Doctor. Ya. (Al ascensorista) Por favor ayúdeme, entre en el dormitorio y recoja sus cosas. Ascensorista. Sí, señor. (Entra rápido en el dormitorio.) Miss Collins. (Temblando, asustada.) ¿Mis cosas? Doctor. Sí, prepararemos una maleta con lo necesario para una noche. (Sonríe mecánicamente.) Un sitio extraño siempre parece más acogedor, los primeros días, cuando nos acompañan los objetos personales. Miss Collins. ¿Un sitio extraño, dice usted? Doctor. (Brusco, empieza a apuntar en una libreta.) Nadie le molestará, Miss Collins. Miss Collins. Ya lo entiendo. (Excitada.) Viene usted de la Sagrada Comunión para detenerme. Por conducta impropia. Mme. Duvenet. No, Miss Collins, se equivoca usted. Éste señor es el doctor que… Doctor. (Impaciente.) Vamos, vamos, acabemos pronto. (Consulta su reloj.) Las dos y veinticinco. (Apurando al ascensorista) ¡Ey! Ascensorista. Ya voy. Miss Collins. (Con lenta y triste comprensión.) Así que… Me echan de aquí… (Pausa.) Permítame dejarle una nota. Un lápiz, por favor. Portera. Aquí tiene, Miss Collins. (Ella coge el lápiz y se inclina sobre la mesa. El ascensorista sale de la habitación con una sonrisa forzada, llevando una maleta.) Doctor. ¿Todo listo? Ascensorista. Sí, señor. Doctor: Vamos, ya hará eso más tarde. Mme. Duvenet. (Enérgica) Déjele terminar la nota. Miss Collins. (Se yergue, sonriendo asustada) Ya está. Doctor. Muy bien, vamos. (La empuja con firmeza hacia la puerta.) Miss. Collins (Volviéndose derrepente.) Ah, Mme. Duvenet. Mme. Duvenet. Diga, Miss Collins.

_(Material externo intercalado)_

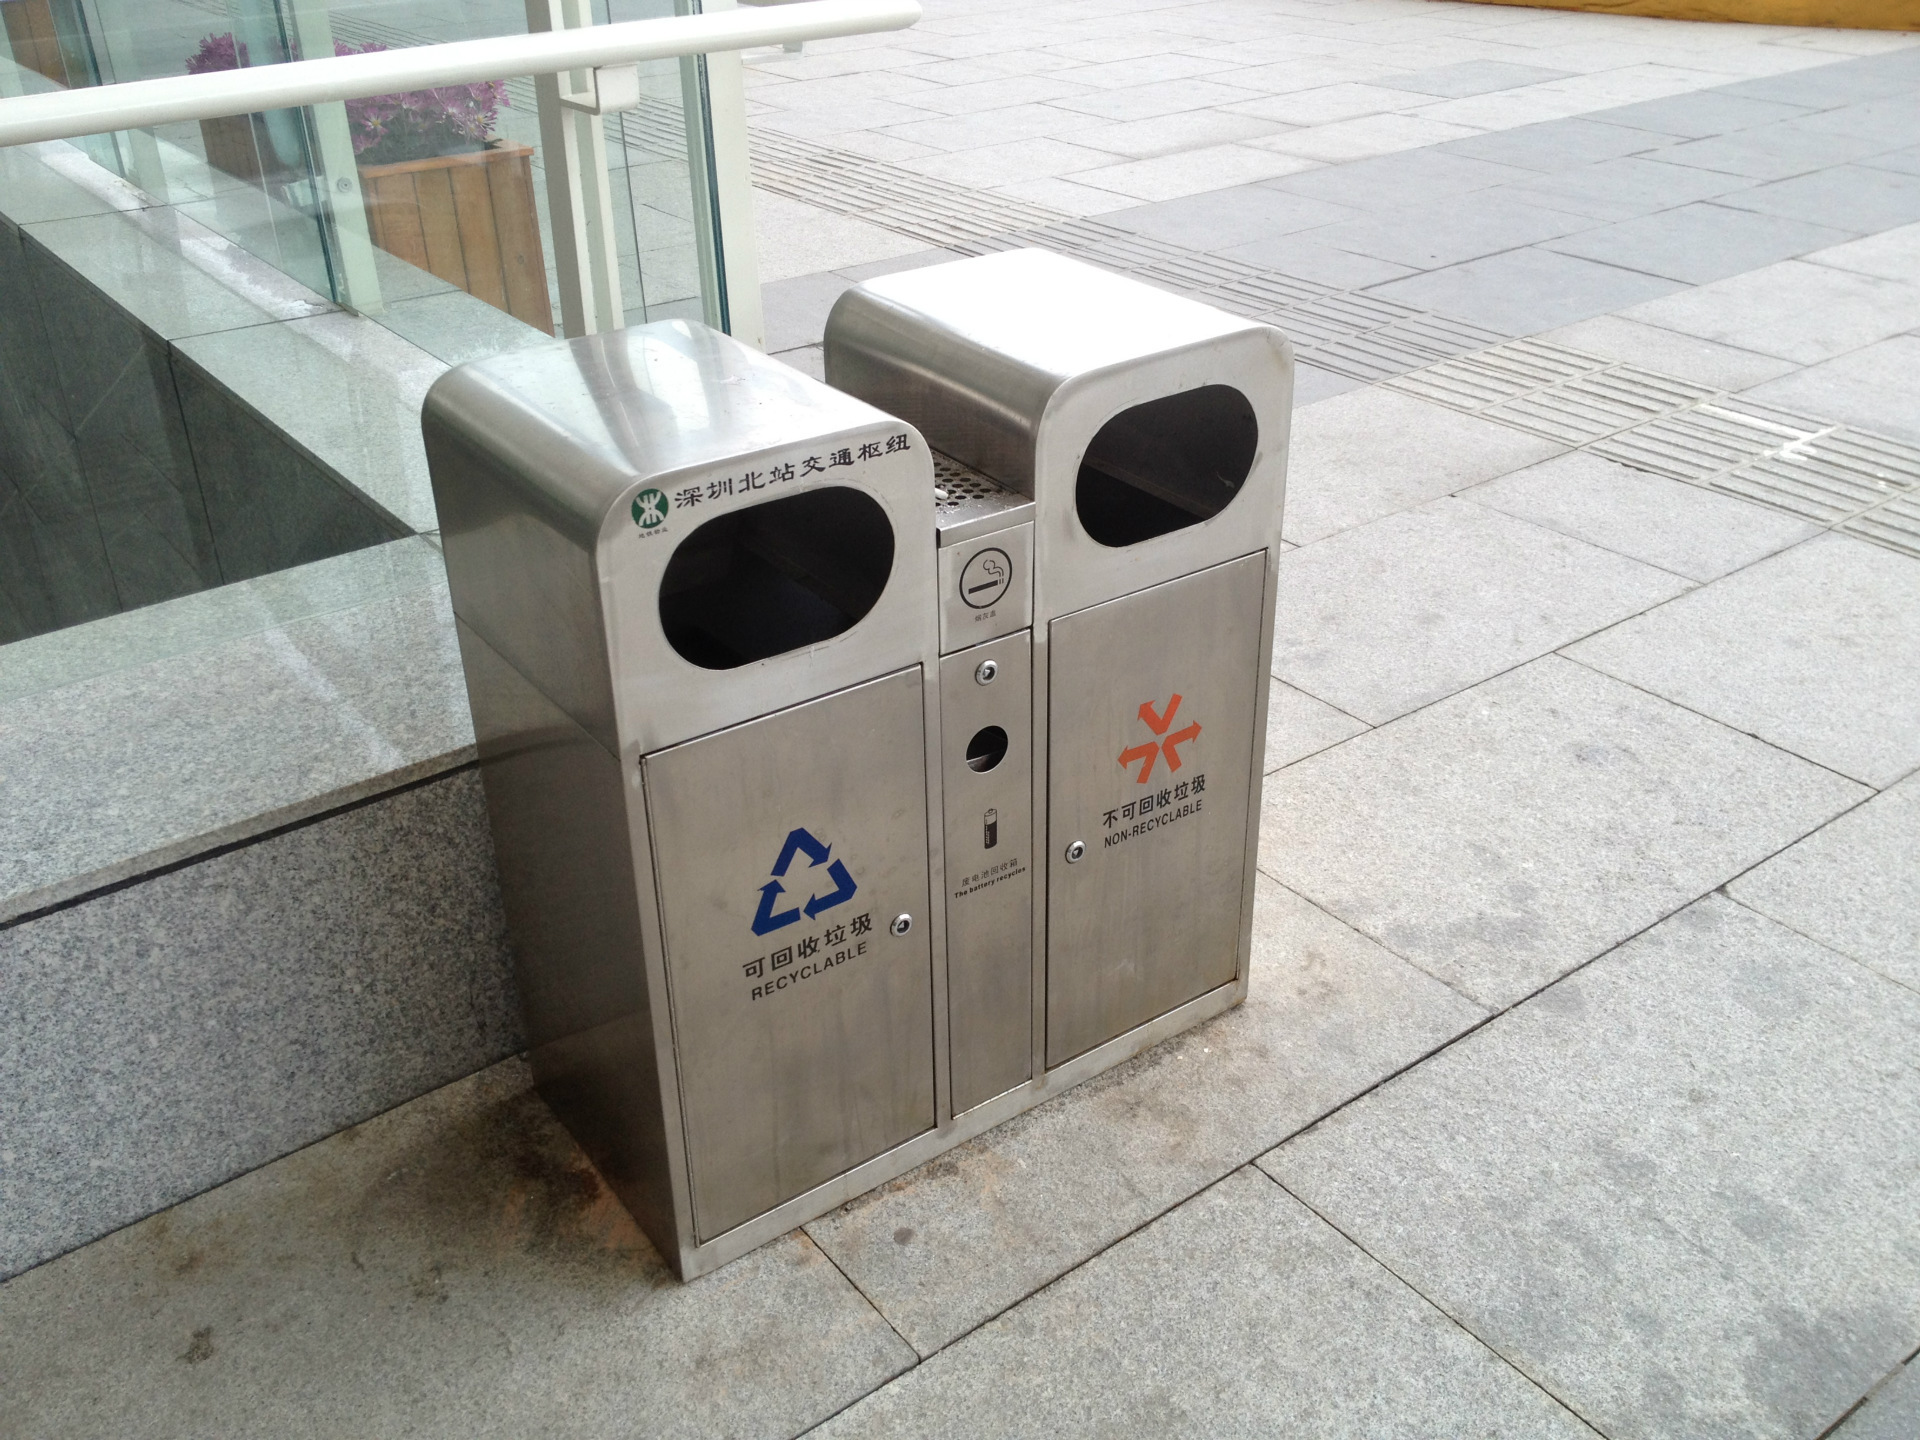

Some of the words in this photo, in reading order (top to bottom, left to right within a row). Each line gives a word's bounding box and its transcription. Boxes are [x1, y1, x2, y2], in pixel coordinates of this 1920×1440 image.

[674, 434, 911, 509] 深圳北站交通枢纽
[1102, 774, 1206, 829] 不可回收垃圾
[1104, 799, 1203, 848] NON-RECYCLABLE
[954, 890, 968, 898] The
[969, 879, 995, 893] battery
[742, 912, 872, 978] 可回收垃圾
[751, 941, 867, 1001] RECYCLABLE
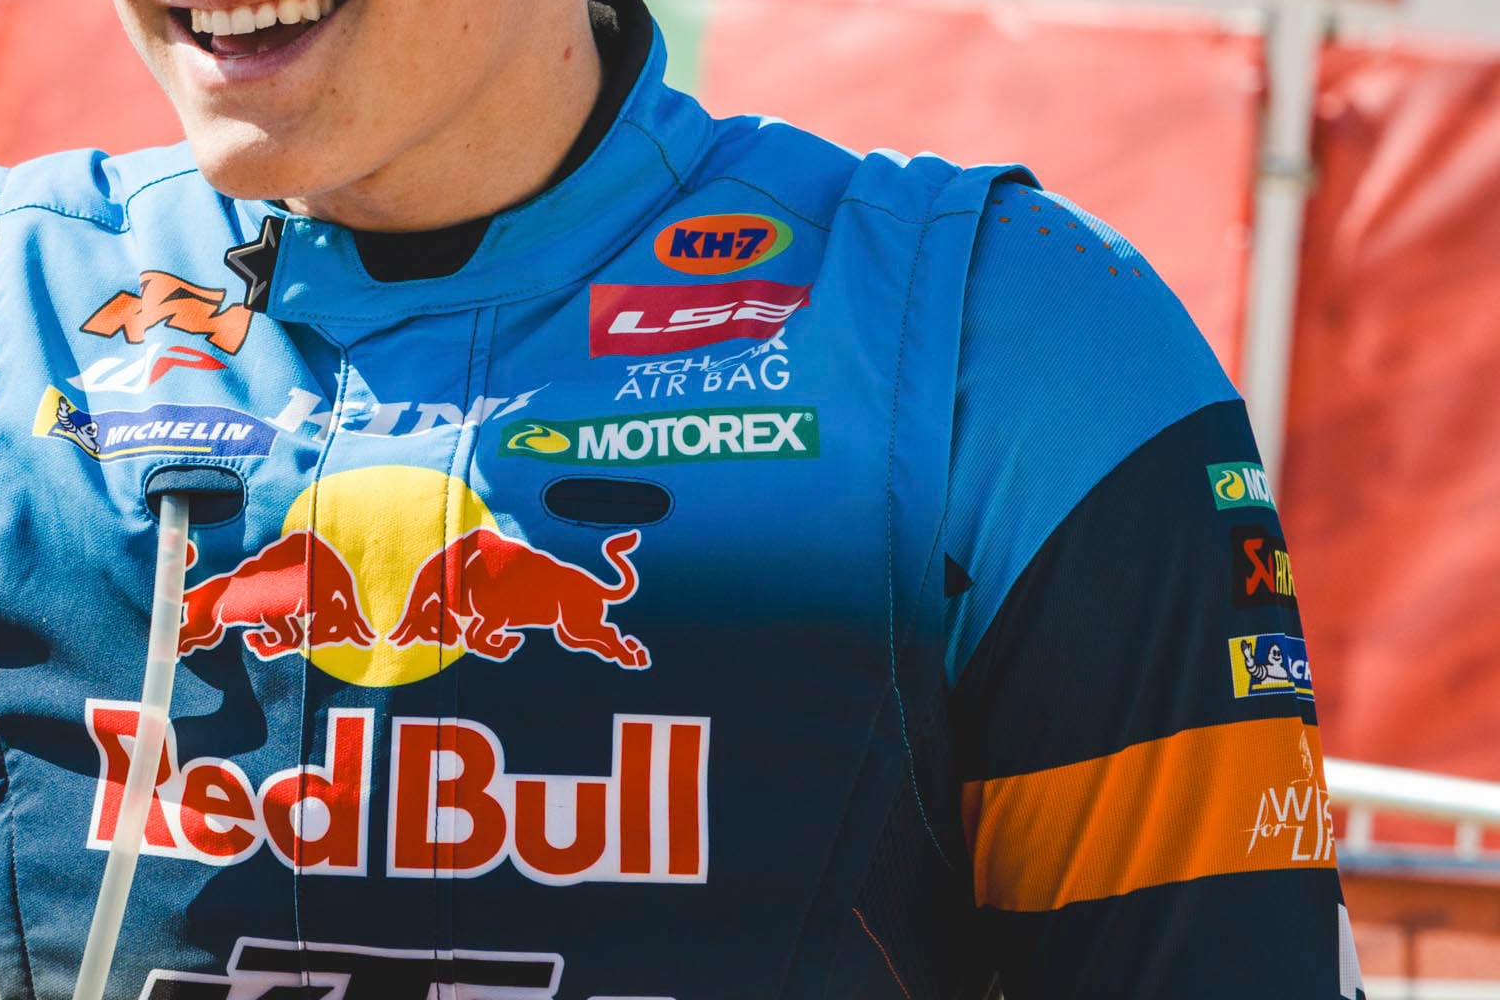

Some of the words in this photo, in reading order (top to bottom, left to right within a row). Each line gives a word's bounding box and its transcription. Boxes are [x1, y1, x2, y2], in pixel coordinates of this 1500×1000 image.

Miss Collins. Si él vuelve, y ve que me he ido, no le comente nada… del niño. Creo que es mejor que se lo diga yo. (Con una sonrisa encantadora.) Ya sabe usted cómo son los hombres. Mme. Duvenet. Sí, Miss Collins. Portera. Adiós, Miss Collins. (El doctor agarra a Miss Collins del brazo, y ella sonríe mientras se aleja como si quisiera pedir perdón.) Miss Collins. Mamá les servirá enseguida un refresco… (Desaparece con el doctor. Tras él, sale el ascensorista. Se oye la puerta del ascensor que se cierra, y el ruido del motor descendiendo.) Mme. Duvenet. Le ha escrito una nota. Portera. ¿Y qué dice? Mme. Duvenet. “Querido Richard, me voy una temporada fuera. Pero no te preocupes, volveré. Tengo que decirte un secreto. Te quiere, Lucrecia.” (Tose.) Tenemos que despejar esto, y llevarlo todo al sótano, hasta que encuentre un sitio donde colocarlo. Portera. (Desanimada) ¿Esta noche, Mme. Duvenet? Mme. Duvenet. (Seca, procurando esconder su emoción.) No, esta noche no. Ya hemos tenido bastante por hoy. (Más amable.) Podemos hacerlo mañana. Apague la luz del dormitorio y cierre la ventana. (Se oye una música suave, las dos mujeres salen, y la luz se funde.)